The Fundamental Use of Surgical Energy (FUSE) Program: Promoting Operating Room Safety

| October 13, 2014 | 0 Comments

by Pascal Fuchshuber, MD, PhD, FACS; Amin Madani, MD; Daniel B. Jones, MD, MS, FACS; and Steven Schwaitzberg, MD

Dr. Fuchshuber, Hepatobiliary and Oncologic Surgery, Associate Professor of Surgery, UCSF, NSQIP Physician Lead, NCAL Region, The Permanente Medical Group, Inc., Walnut Creek, California. Dr. Amin Madani, Division of General Surgery, McGill University, Montreal, Quebec, Canada. Dr. Jones, Professor of Surgery, Harvard Medical School; Vice Chair of Surgery, Office of Technology and Innovation, Chief, Minimally Invasive Surgical Services; Director of the Bariatric Program, Beth Israel Deaconess Medical Center, Boston, Massachusetts. Dr, Schwaitzberg, Chief of Surgery, Cambridge Health Alliance, Cambridge, Massachusetts.
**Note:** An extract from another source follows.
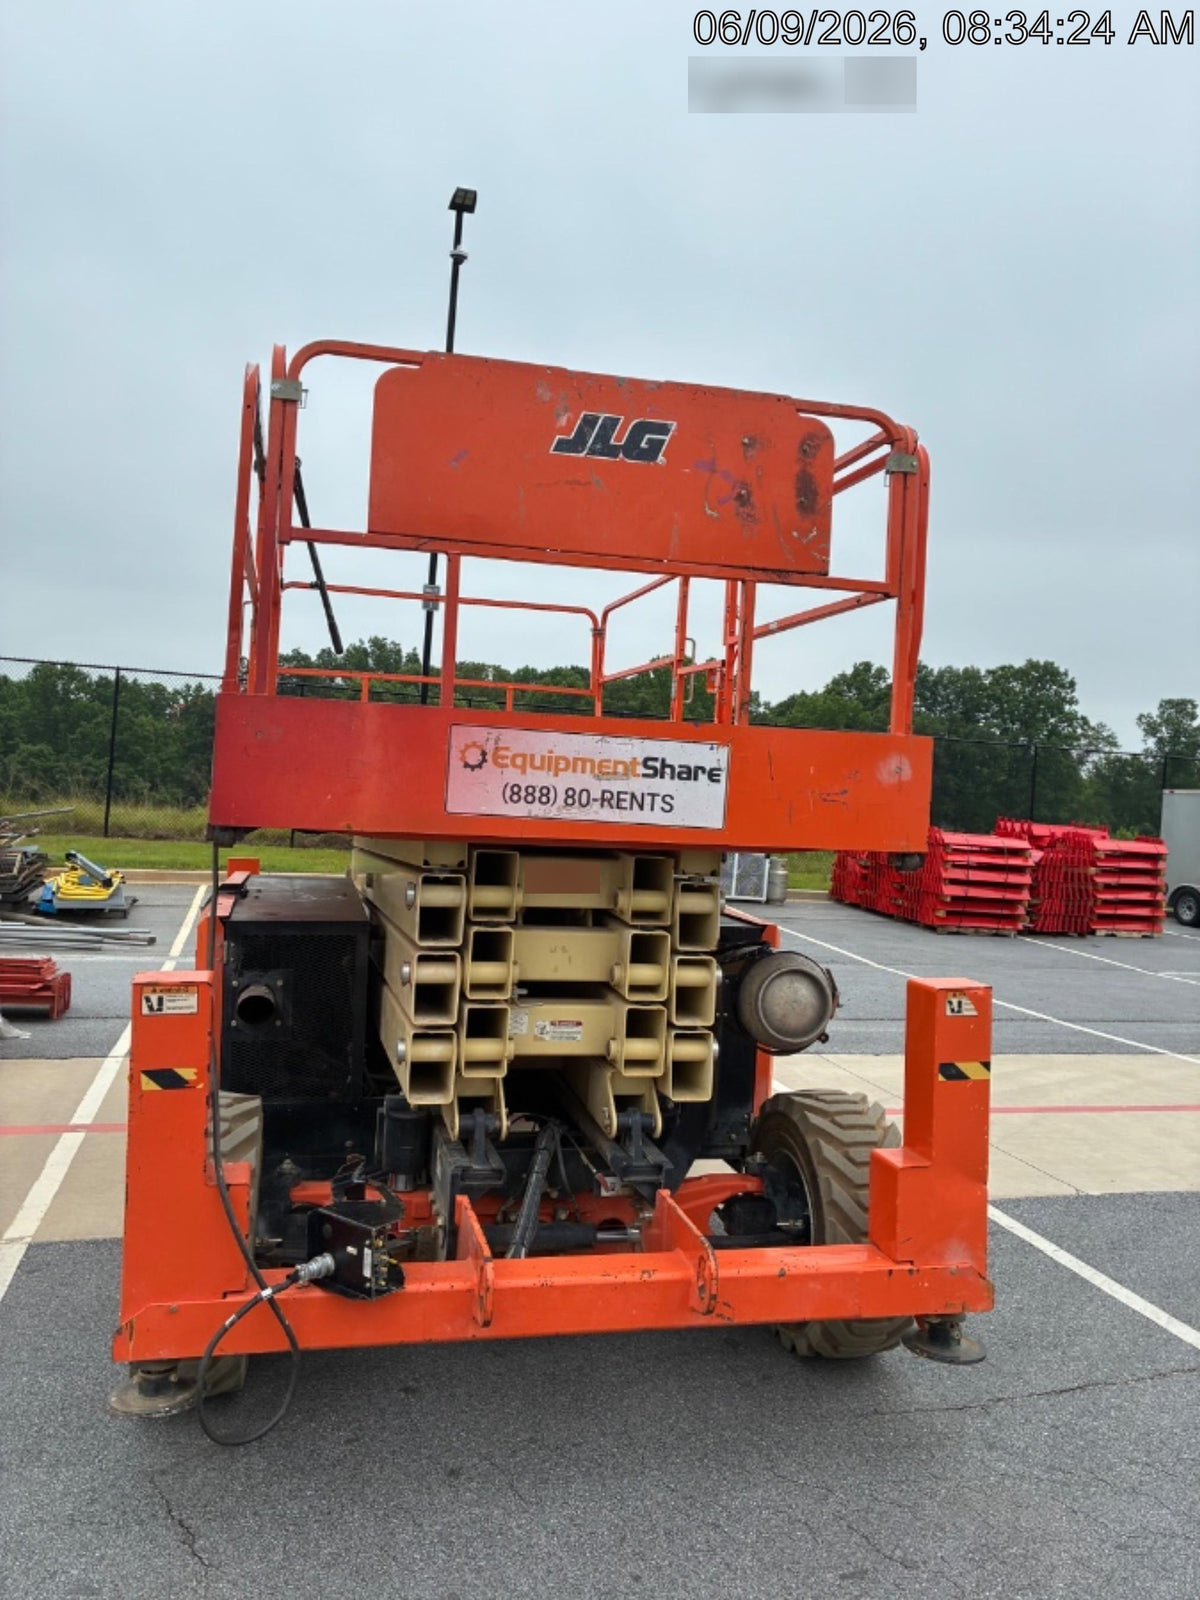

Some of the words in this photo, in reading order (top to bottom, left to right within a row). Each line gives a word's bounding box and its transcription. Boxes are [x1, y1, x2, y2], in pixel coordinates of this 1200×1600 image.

Bariatric Times. 2014;11(10):22–24.

FUNDING: No funding was provided.
DISCLOSURES: The authors report no conflicts of interest relevant to the content of this article.

This November marks the 10th anniversary of SAGES Fundamentals of Laparoscopic Surgery (FLS) program, the nation’s first hands-on skills assessment test required by the American Board of Surgery (ABS), the national certifying body for general surgeons and related specialists. FLS was created as a first step toward ensuring patient safety and enhancing the innovative treatments that were becoming available in the late 1980s and has been instrumental in single-handedly revolutionizing surgical training worldwide. Since its launch in 2004, nearly 8,500 surgeons have successfully completed the FLS Program. Additionally, last March, the ABS officially announced that graduating general surgery residents in the 2017-2018 academic year must also successfully complete the SAGES Fundamentals of Endoscopic Surgery (FES) program as part of the five-year milestone-based endoscopic curriculum.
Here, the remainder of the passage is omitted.